Virtual School for Contact Center Kids

The Contact Center has been also shut down over the past several months, but BSF staff are working to begin virtual schooling and minimize the effects of learning loss and ensure that our children continue to grow intellectually, socially, and emotionally even when they cannot attend their school in-person. We stay connected with our children through their parents via social media, phone calls, and messaging apps. Our kids come from highly disadvantaged families, and most don’t have broadband connection available at home. Many children also don’t have access to television at their homes and they cannot even watch educational programs on television that the government is trying to promote.

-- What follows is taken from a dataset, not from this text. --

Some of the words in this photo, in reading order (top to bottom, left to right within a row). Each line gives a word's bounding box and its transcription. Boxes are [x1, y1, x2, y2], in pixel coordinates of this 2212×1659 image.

Working one-on-one with a Contact Center student

Children whose family live near the Contact Center can for in-person lessons, too, which are conducted in careful accordance safety precautions and office protocols. To limit exposure risk, a maximum of 2 children come in at a time for a less than 20 minute lesson. In addition, we are also conducting phone classes for the children in their villages. BSF teachers and staff call students twice a week to guide them through their studies and give them homework. Parents can send teachers photos of their children’s homework if the kids encounter questions or issues, and teachers also review homework with the students in their phone meetings. We also provide our children with books, toys, paper, and pencils so that they can learn, write, sketch, play, and stay constructively and happily engaged — even at home.

A socially distanced lesson at the Contact Center

However, when parents are at work, it is very difficult for children to ask questions. They just cannot learn virtually in the same way as in the classroom. Contact Center teacher Mina Tamang summarized the barriers to learning that students as three main problems:

  1. The students cannot readily ask what they haven’t understood unlike during face-to-face classroom interactions;

  2. They cannot make calls to teachers at the time they want to; and,

  3. They cannot learn the same way they could learn in the classroom with their friends.

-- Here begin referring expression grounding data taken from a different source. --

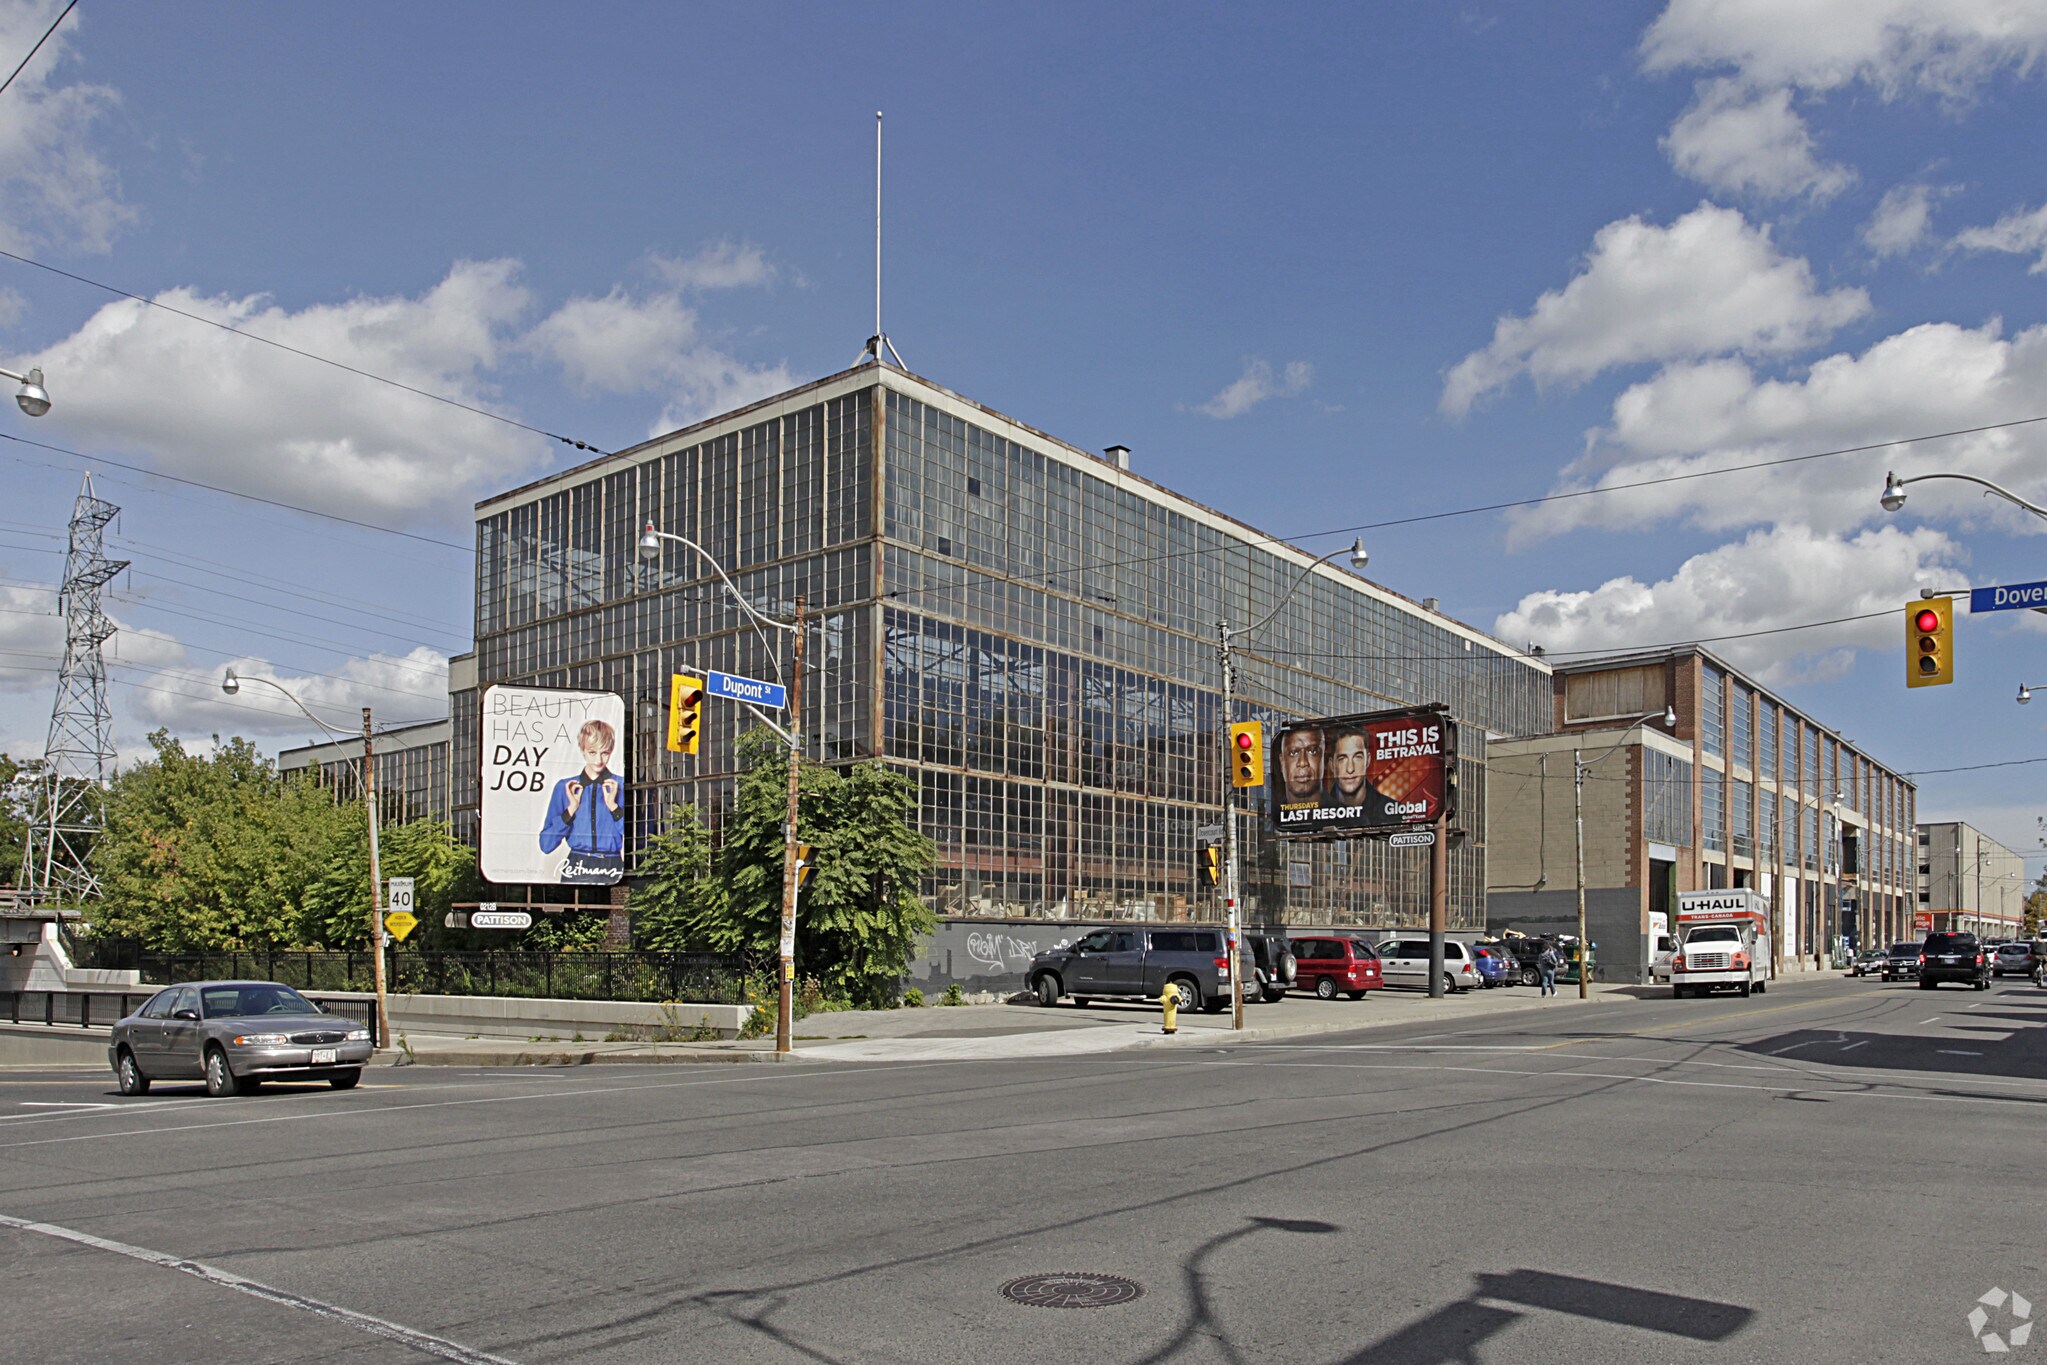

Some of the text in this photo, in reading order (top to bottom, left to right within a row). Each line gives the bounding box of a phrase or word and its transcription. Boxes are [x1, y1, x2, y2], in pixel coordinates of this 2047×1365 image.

[723, 676, 771, 699] Dupont St
[493, 693, 594, 719] BEAUTY
[493, 719, 571, 744] HAS A
[1375, 726, 1440, 748] THIS IS
[493, 745, 550, 767] DAY
[1376, 743, 1440, 761] BETRAYAL
[490, 770, 545, 792] JOB
[1280, 801, 1319, 811] THURSDAYS
[1280, 805, 1363, 823] LAST RESORT
[1384, 799, 1427, 815] Global
[1392, 834, 1432, 845] PATTISON
[553, 858, 623, 878] Reitmans
[392, 892, 410, 906] 40
[1682, 899, 1744, 911] U-HAUL
[476, 915, 527, 925] PATTISON

Contact Center kids with BSF staff

Many families are also facing food shortages at home, and the Contact Center children are missing the nutritious meals normally provided for them at the Contact Center every day. BSF staff have continued handing out food and emergency relief during the lockdown to the hardest-hit families.

Leena Satyal (second from the left) with BSF staff

We are facing a lot of challenges at the moments, but both BSF staff and students are coping with it with some success. We are learning to live in this lockdown and virtual learning environment, and we are trying our best to prevent learning loss among our eager little children.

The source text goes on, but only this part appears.